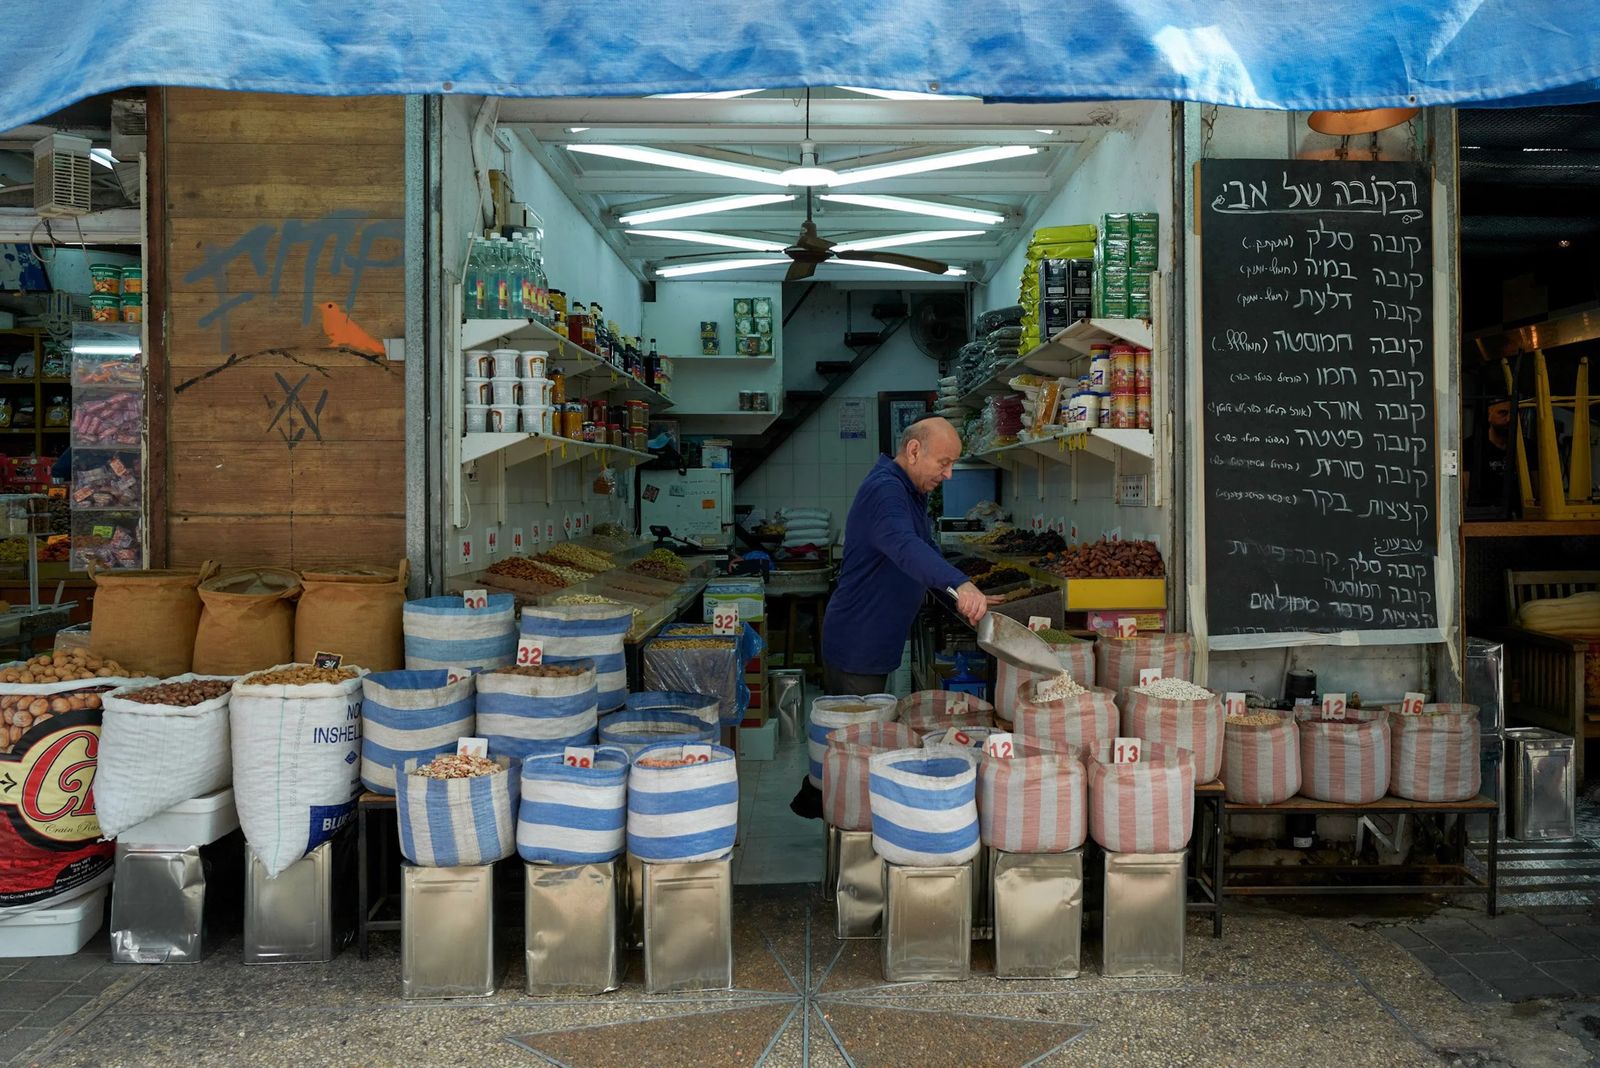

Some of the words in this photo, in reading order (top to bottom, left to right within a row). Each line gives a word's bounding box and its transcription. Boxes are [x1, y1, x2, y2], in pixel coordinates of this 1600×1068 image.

[1223, 180, 1268, 209] אבי
[1283, 171, 1321, 208] של
[1306, 219, 1353, 257] סלק
[1370, 234, 1422, 268] קובה
[1304, 258, 1358, 280] במיה
[1373, 268, 1423, 300] קובה
[1293, 283, 1353, 315] דלעת
[1372, 300, 1422, 336] קובה
[1273, 329, 1353, 353] חמוסטה
[1369, 337, 1423, 367] קובה
[1316, 367, 1358, 386] חמו
[1369, 369, 1424, 400] קובה
[1313, 401, 1363, 420] אורז
[1375, 403, 1426, 434] קובה
[1294, 429, 1363, 449] פטטה
[1373, 433, 1427, 466] קובה
[1309, 458, 1364, 480] סורית
[1374, 464, 1428, 498] קובה
[1301, 489, 1353, 516] בקר
[1356, 499, 1428, 535] קציצות
[1388, 563, 1427, 586] קובה
[1323, 577, 1381, 599] חמוסטה
[1388, 586, 1431, 612] קובה
[714, 614, 734, 629] 32
[1118, 624, 1137, 638] 12
[518, 646, 542, 665] 32
[1226, 698, 1245, 715] 10
[1323, 699, 1344, 715] 12
[1404, 698, 1423, 714] 16
[992, 741, 1013, 759] 12
[1118, 745, 1138, 763] 13

Exercise:
Would you return all of the data above word for word, omitting every picture?

Exercise result:
Some of the words in this photo, in reading order (top to bottom, left to right within a row). Each line gives a word's bounding box and its transcription. Boxes are [x1, y1, x2, y2], in pixel coordinates of this 1600×1068 image.

[1223, 180, 1268, 209] אבי
[1283, 171, 1321, 208] של
[1306, 219, 1353, 257] סלק
[1370, 234, 1422, 268] קובה
[1304, 258, 1358, 280] במיה
[1373, 268, 1423, 300] קובה
[1293, 283, 1353, 315] דלעת
[1372, 300, 1422, 336] קובה
[1273, 329, 1353, 353] חמוסטה
[1369, 337, 1423, 367] קובה
[1316, 367, 1358, 386] חמו
[1369, 369, 1424, 400] קובה
[1313, 401, 1363, 420] אורז
[1375, 403, 1426, 434] קובה
[1294, 429, 1363, 449] פטטה
[1373, 433, 1427, 466] קובה
[1309, 458, 1364, 480] סורית
[1374, 464, 1428, 498] קובה
[1301, 489, 1353, 516] בקר
[1356, 499, 1428, 535] קציצות
[1388, 563, 1427, 586] קובה
[1323, 577, 1381, 599] חמוסטה
[1388, 586, 1431, 612] קובה
[714, 614, 734, 629] 32
[1118, 624, 1137, 638] 12
[518, 646, 542, 665] 32
[1226, 698, 1245, 715] 10
[1323, 699, 1344, 715] 12
[1404, 698, 1423, 714] 16
[992, 741, 1013, 759] 12
[1118, 745, 1138, 763] 13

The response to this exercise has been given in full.